A group of researchers from Canada are taking flight with drones to discover the riches of the country’s biodiversity.
In the middle of a field on an island in the Îles-de-Boucherville National Park, Margaret Kalacska, researcher and professor at McGill University, Department of Geography, polishes the lens of an imposing hyperspectral camera.
Capable of capturing the different wavelengths, she intends to use it – and the drone it will be carried by – not for creativity, but science.
“With this camera, we will be able to photograph biodiversity from the sky,” says the researcher.
This state-of-the-art equipment will not just be used to make beautiful aerial photographs, but rather to build the first spectral code plant database in Canada.
Ultimately, these data will be used to assess the adverse effects of climate change and the impact of human activities on the flora.
A revolutionary technique
The project, led by a team of Canadian researchers, was borne from an observation by Étienne Laliberté, a professor of biology at the University of Montréal. According to him, biologists are not equipped to study rapid and profound changes in biodiversity.
“Spectranomics – remote sensing allowing the acquisition of information on a non-contact object by spectral waves – presented itself as a fast and efficient technology to follow the evolution of the ecosystem”, he says.
Using the drone removes the time consuming task of walking to identify each plant, and spectranomics offers researchers an overview of vegetation in a few drone flights.
“Each pixel of the images obtained contains 9 square centimeters on the ground,” Ms. Kalacska illustrates.
“Spectranomics makes it possible to obtain the different wavelengths reflected by the leaves thanks to sunlight,” explains the specialist in satellite and aerial imagery.
These wavelengths, exploited with sufficient precision, make it possible to identify a unique spectral signature for each plant that will be recorded.
“With the signature data, we can know what kind of plant we are dealing with, but we can also determine the effects of the environment on it,” says Ms. Kalacska.
Ranging from infrared to ultraviolet, the hyperspectral camera captures 288 wave layers – compared to three layers for our cameras that capture red, green and blue.
“If we had the opportunity, we would map all of Canada!” the researcher laughs. For the time being, researchers have had to select Canadian heritage sites that are at risk from anthropogenic or climatic effects.

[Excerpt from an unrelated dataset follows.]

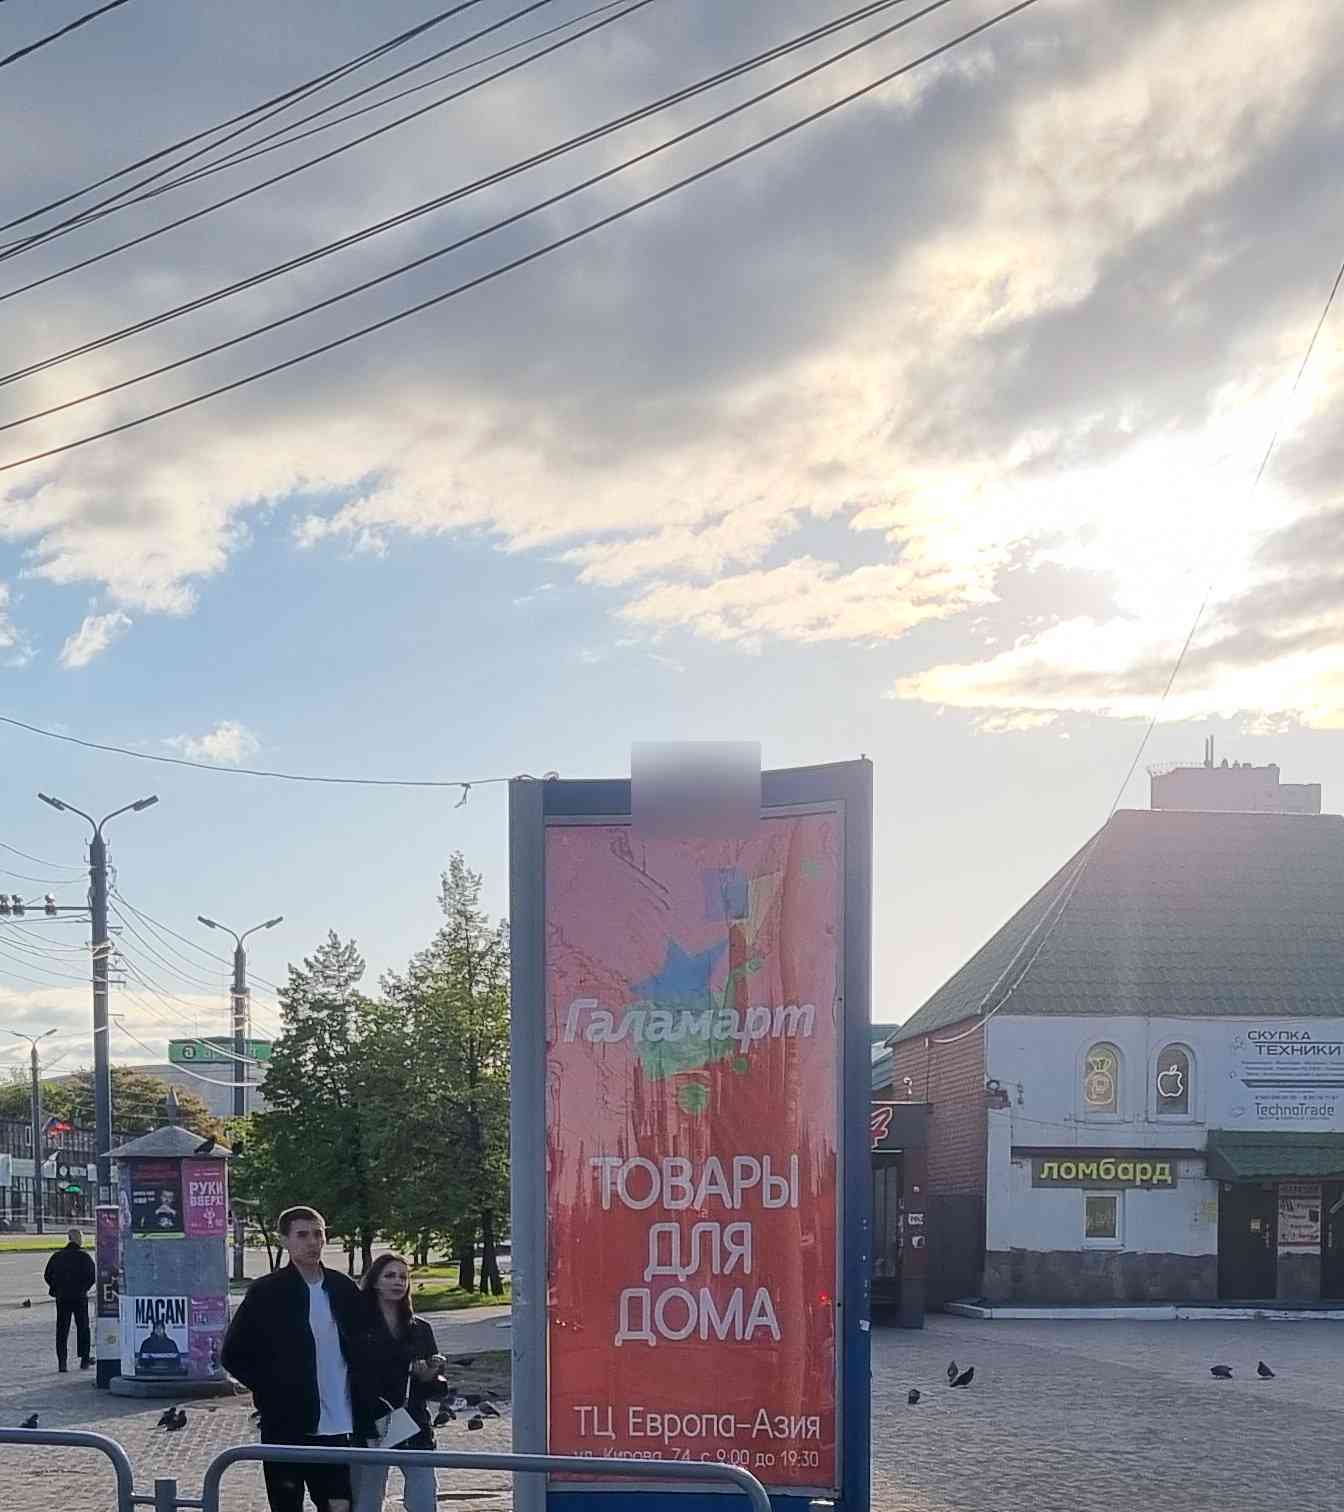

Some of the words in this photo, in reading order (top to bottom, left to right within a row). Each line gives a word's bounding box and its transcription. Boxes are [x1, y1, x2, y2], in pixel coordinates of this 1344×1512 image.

“Like the rest of Quebec, the Boucherville Islands are invaded by the common reed. Our main mission on this site is therefore to identify young shoots to eradicate them effectively “, explains Laliberté. This reed, which is often seen on roadsides, is of concern to researchers, as it is one of the invasive alien species considered to be one of the top five causes of global biodiversity loss.
As a secondary purpose, “we want to see how species regenerate on land that has been cultivated,” adds Kalacska. Agriculture, predominant on these islands about fifteen years ago, left many undeveloped lands.
Canada, a pioneer in research
The technique of spectranomics is recent in the field of biology – previously only used in geology – and attracts researchers from around the world. Seven universities, including the United States, Finland and the Netherlands, are collaborating on the Canadian project.
“Other countries would like to replicate this approach at home,” says Kalacska. I have seen the use of the hyperspectral camera on aircraft in the United States, but I have never seen it on drones,” she says.
The research group, which received a $CAD4 million scholarship from the Natural Sciences and Engineering Research Council of Canada, is working on new camera prototypes suitable for aircraft or satellites. “With new cameras on satellites, we will be able to visualize the evolution of biodiversity in real time with greater accuracy,” explains the professor.
The project mobilizes many students to gain know-how in the field of biology.
“It’s an amazing experience for them,” enthuses the researcher in geography.
In the spirit of collaboration, the data obtained by Canadian researchers will be made public.
“In our research, we have specific questions. But all this data collected can be used by other people for different purposes, “she says.
It will be necessary to be patient before being able to access the results of the researchers; they will appear this winter.
After traveling through British Columbia and Ontario, researchers will continue to Mount Megantic and the Yukon in the coming weeks.
A version of this story first appeared in French on Des Devoir.